Despite early signs of optimism about the timetable for the outbreak, market analysts and economists agree that the impact of the coronavirus pandemic should be prepared, as it will have far-reaching consequences for corporate profitability and overall economic activity this year.

In a report published Monday afternoon, economists at Capital Economics, led by Paul Ashworth, said they expected an “unprecedented” 40 per cent drop in the us’s second-quarter gross domestic product figures, while the unemployment rate would soar to 12.5 per cent within a few months.

“Even if the US economy recovers well in the second half of the year, we still expect GDP to fall by 5.0 per cent for the full year, but rebound by 6.5 per cent by 2021,” they said. “

Similarly, Jamie Dimon, JPMorgan’s chief executive, said in his annual letter to shareholders on Monday that he expected the coronavirus outbreak to “cause at least a severe recession and bring global financial pressures similar to the 2008 financial crisis.” “

U.S., Japan, Europe continue huge stimulus package

There is run-off for central banks around the world to continue to make room for easing, and the main focus now is on fiscal stimulus by governments.

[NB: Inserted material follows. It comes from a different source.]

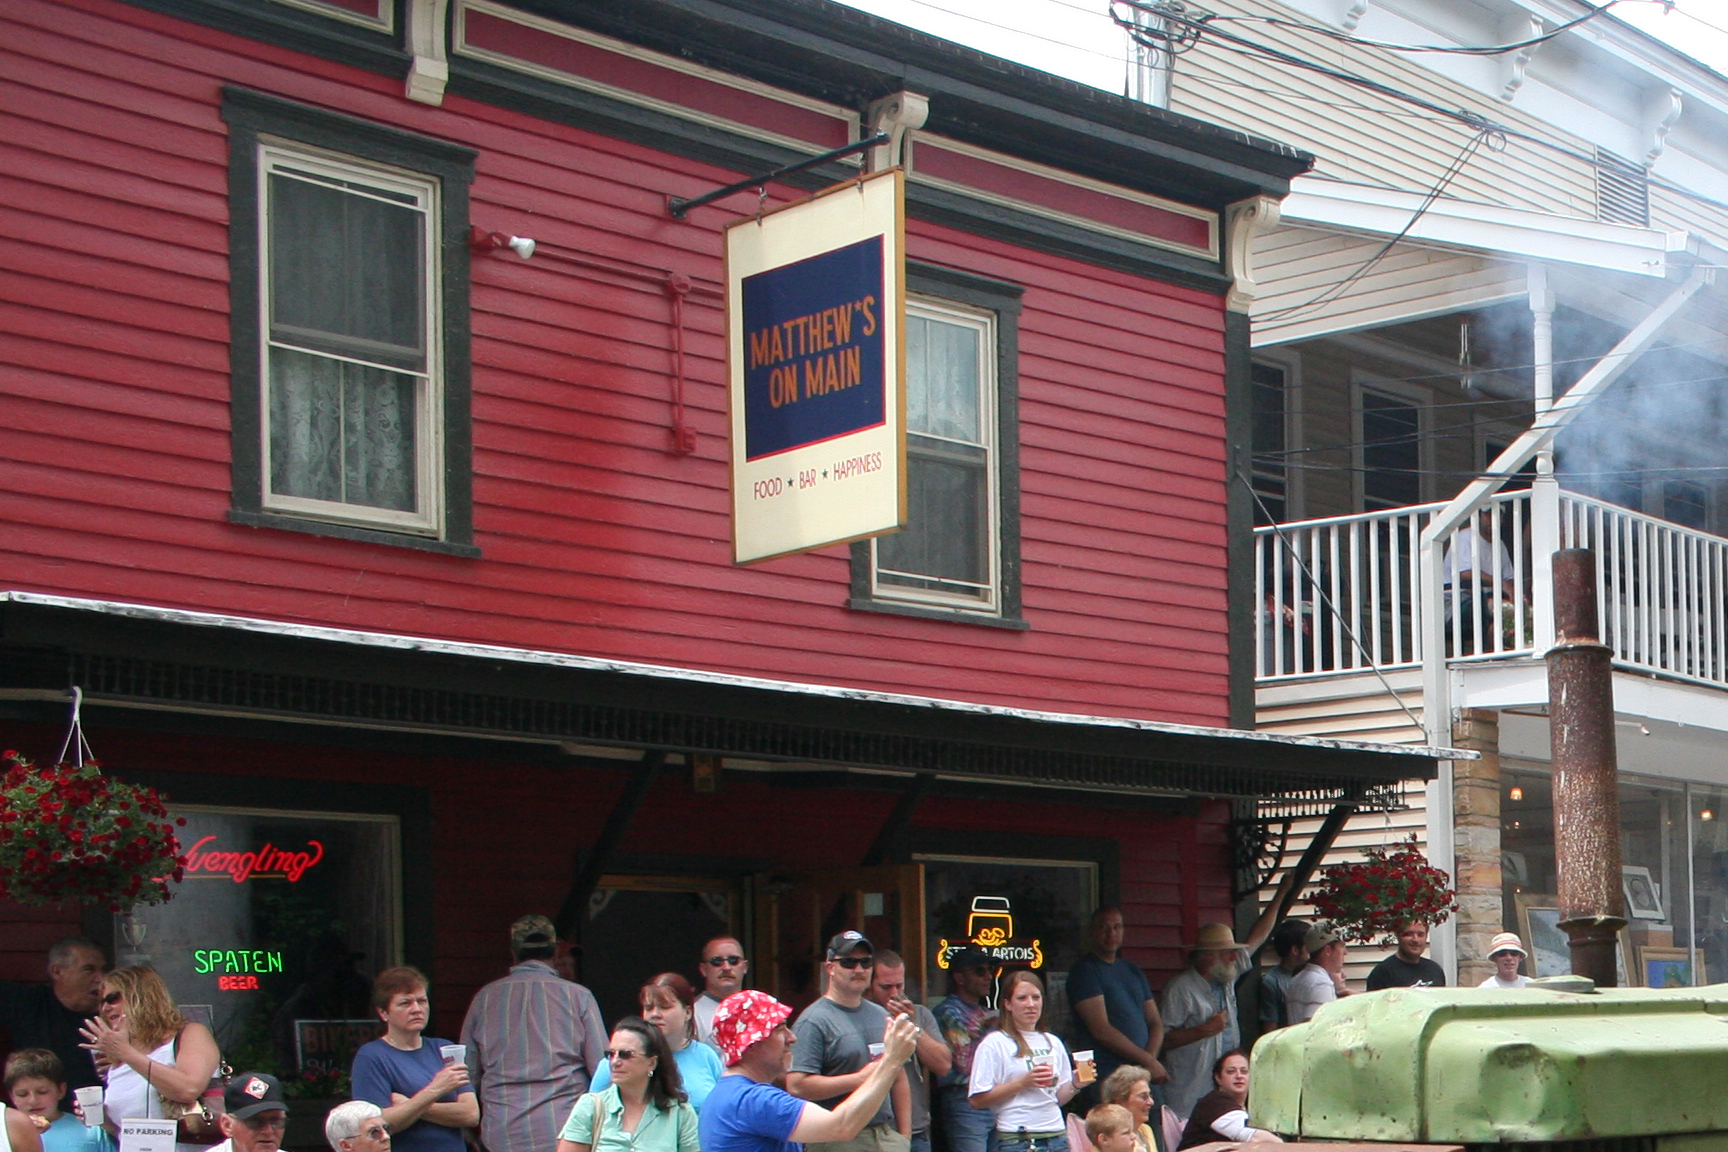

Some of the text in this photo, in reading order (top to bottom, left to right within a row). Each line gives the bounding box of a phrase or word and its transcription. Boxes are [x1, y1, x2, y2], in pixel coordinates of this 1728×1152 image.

House Speaker Nancy Pelosi said Monday that a fourth round of economic assistance worth at least $1 trillion should be launched to deal with the impact of the new outbreak. The rescue plan includes continuing to distribute cash to ordinary people, expanding unemployment insurance, small business loans and food relief, she said. So far, the United States has introduced three rounds of economic aid bills involving more than $2.3 trillion.

Japan on Tuesday announced a series of new economic emergencies in a rare move. As Prime Minister Shinzo Abe declared a state of emergency, Japan on Tuesday announced a record Y108.2 trillion stimulus package to protect the economy from the growing outbreak of the new crown. The stimulus package is equivalent to 20 per cent of Japan’s annual economic output, highlighting the extent to which policymakers expect the economy to suffer.

Eurozone finance ministers will hold an emergency meeting. Eurozone finance ministers may agree on stimulus measures of more than 500 billion euros on Tuesday to deal with the impact of the coronavirus outbreak on the euro zone economy, but plans to issue bonds jointly may require more negotiations, Reuters reported.

In a letter to European finance ministers, Eurogroup Chairman Centeno warned earlier that the virus pandemic would have budget costs corresponding to the “huge impact” of the outbreak, and that the euro zone would inevitably be saddled with high debt sprees after emerging from the crisis, and that it must be wary of the threat of division.

Focus Stocks

Tesla plans to launch a long-range Model 3 made in China this week.

Halliburton said it would slash jobs.

Boeing plans to conduct another test of the Starliner manned spacecraft.

Exxon Mobil CEO John Woods has pledged to keep the dividend.

Macy’s Chief Financial Officer Paula A. Price will leave the company.

Barclays cut its Twitter target to $22 from $35.

Apple is considering buying NEXTVR, a VR live-streaming service, for $100 million.

Ali after 11 years to restart the “Spring Thunder Plan” to help small and medium-sized enterprises.


Other markets

Asia-Pacific stocks rose on Tuesday. European stock markets, Germany, France, Italy and other stock indexes from the March 18 closing level of more than 20%, have entered a technical bull market.